Learning to Forget

22 May

Many years ago, I had an elderly friend that was always cheerful, and happy. I was fortunate to be able to spend time with her, and talk with her about her life. Once we discussed a difficult time when her husband made some choices that hurt her deeply. I asked her how she coped, and she said, “I distinctly remember forgetting about that,” and she laughed. She said she had forgiven him for his decisions, had forgotten about them, and moved on.

We hear the saying, “Forgive and forget,” frequently. For many of us forgiving someone who has hurt us is possible, but the forgetting can be another story. It’s hard to let go of something that has really caused us pain, and truly forget about it. We learn from it as we go forward, and sometimes we want to hang on to it. We’re not really sure that forgetting is in our best interest. After all, if we forget what they’ve done to us, they might do it again.

Is it possible to truly forgive someone without forgetting what they’ve done? Shouldn’t we remember what happened so we are wiser the next time around? What does it actually mean to forget? Is it possible to completely un-remember something?

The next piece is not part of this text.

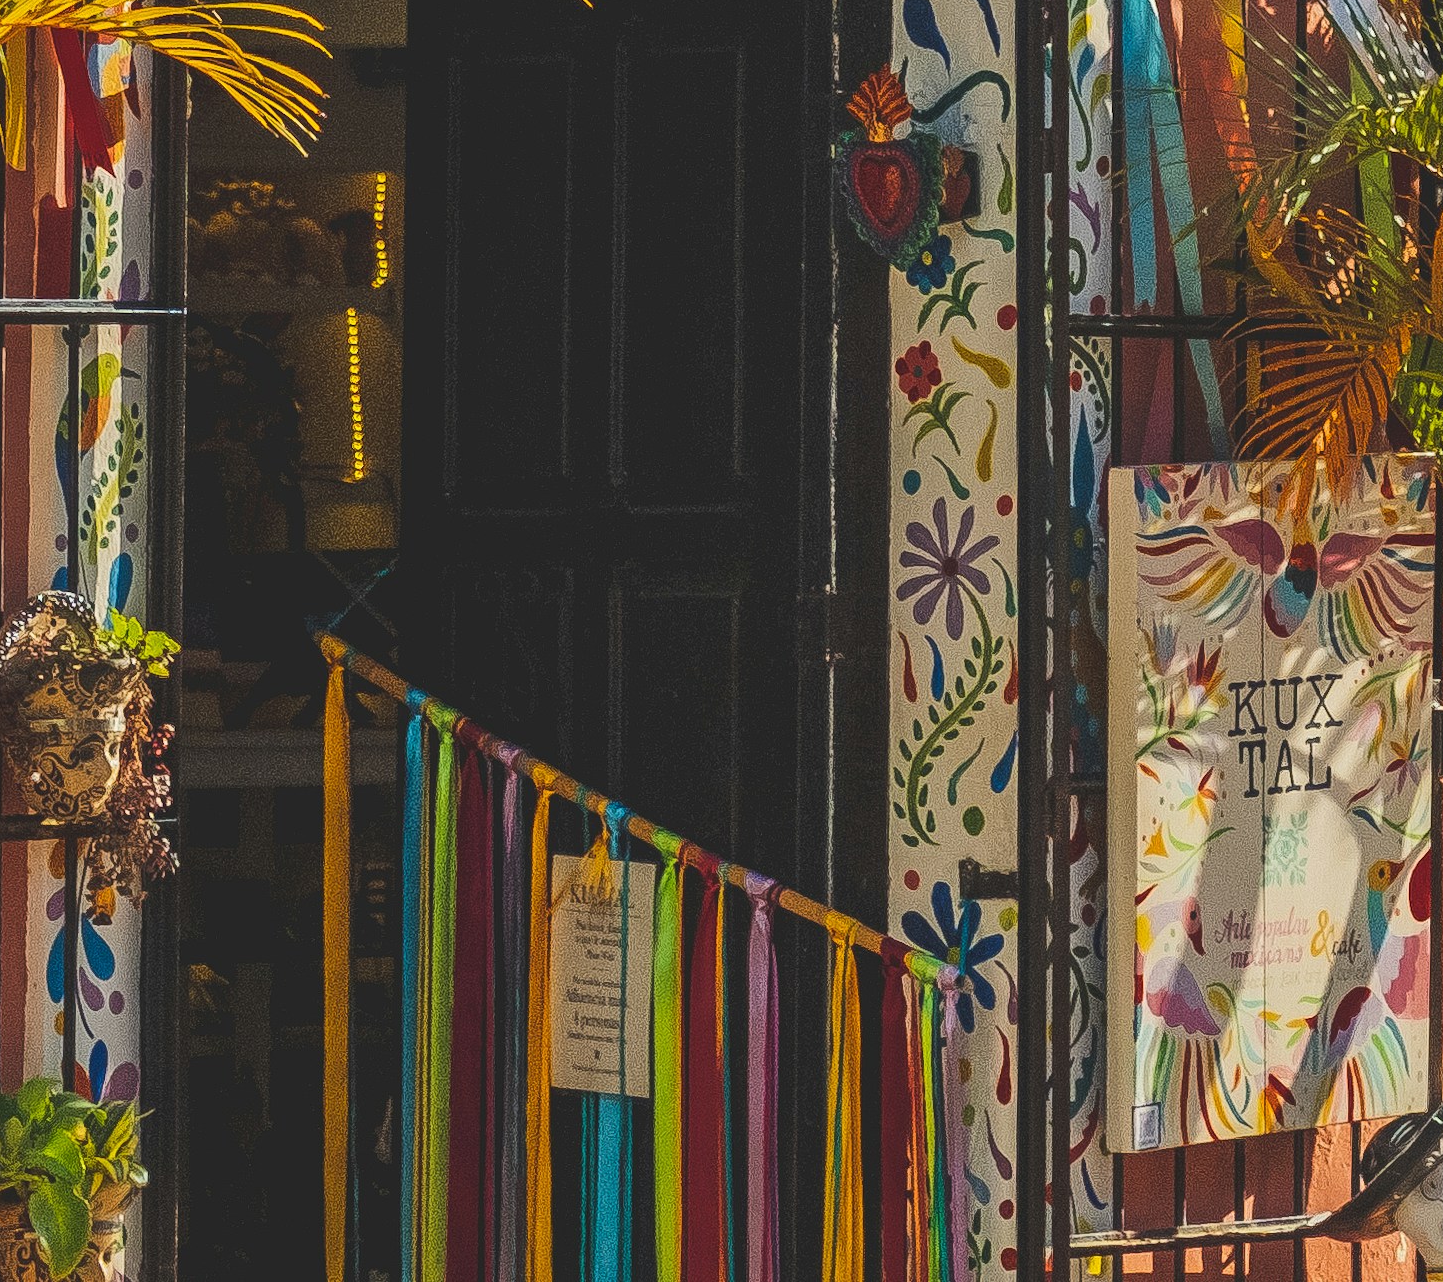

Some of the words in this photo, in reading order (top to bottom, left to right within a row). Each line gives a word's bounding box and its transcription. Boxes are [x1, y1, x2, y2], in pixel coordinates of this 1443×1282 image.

[1227, 674, 1345, 737] KUX
[1238, 736, 1333, 799] TAL
[1310, 909, 1335, 965] &
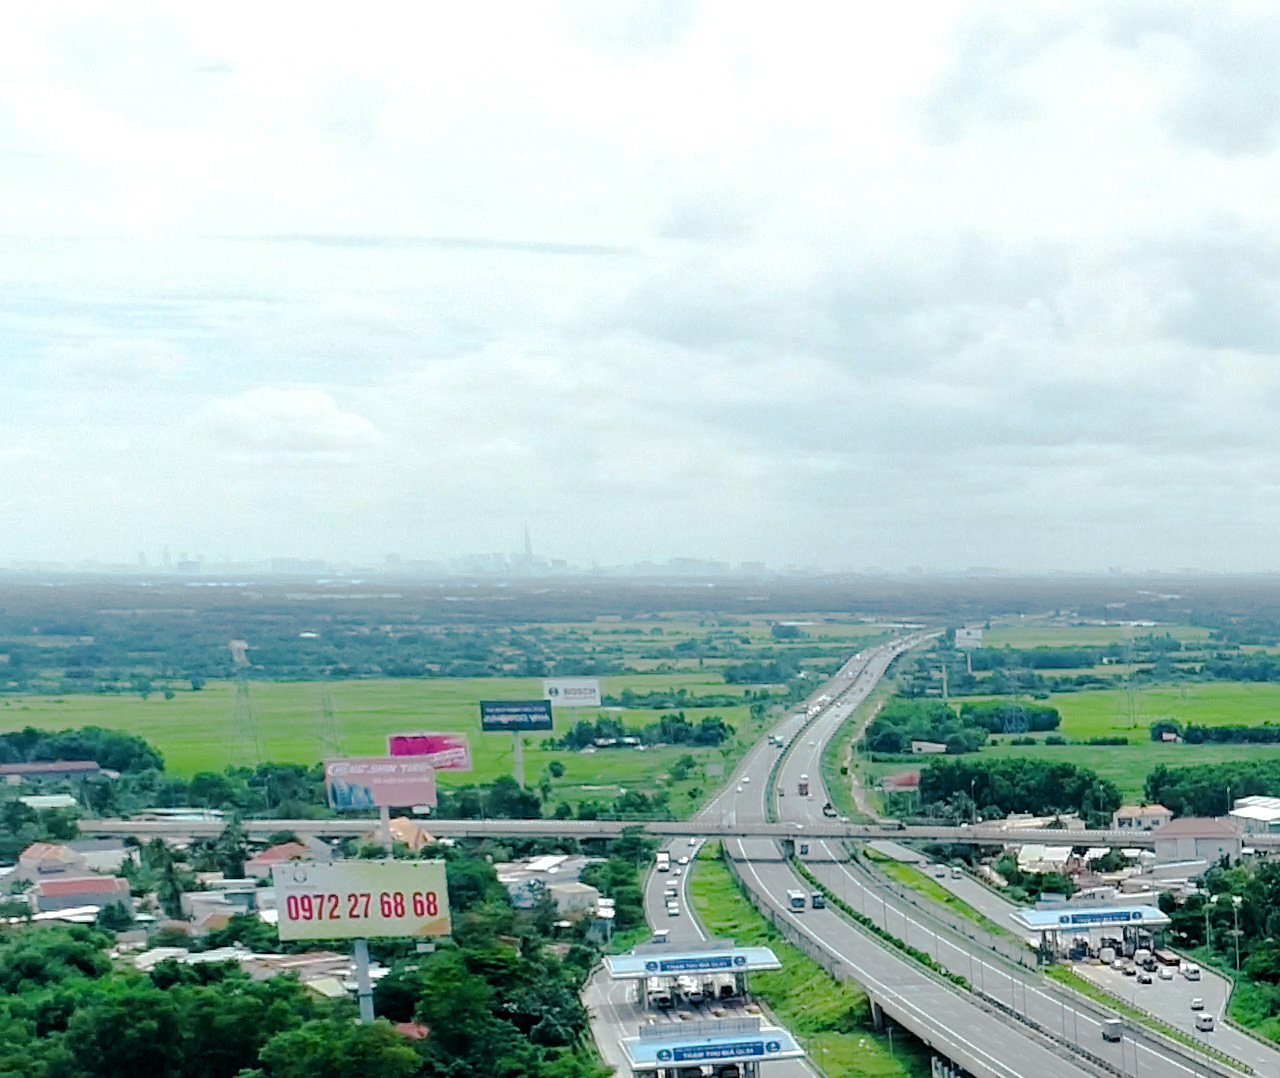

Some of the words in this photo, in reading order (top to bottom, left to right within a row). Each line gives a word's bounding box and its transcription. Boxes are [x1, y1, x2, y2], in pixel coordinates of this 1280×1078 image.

According to the dictionary, to forget can mean to “disregard intentionally” or to “overlook.” Using those suggestions, we don’t have to pretend what hurt us never happened, but can choose not to focus on it anymore going forward. We can disregard it. We can let it go. We can overlook it. Perhaps this is the most effective use of forgetting when we are trying to forgive.

I am sure my friend from long ago well remembered what her husband had done when he hurt her. But she chose to let it go. She decided not to focus on it, or bring it up again. She moved on. If we can do that when someone offends us, forgive them the affront, and then let it go, we can still learn from the experience. We don’t have to completely wipe it from our minds, but we can move on, and not obsess over it. In that way we will be successful in forgiving, and forgetting.

Today if someone offends you, hurts you, or makes you feel bad, you may choose to forgive them. If you do, forget what happened by letting it go. Look at it, learn from it, determine how you’ll manage it, and move on. Keep moving forward.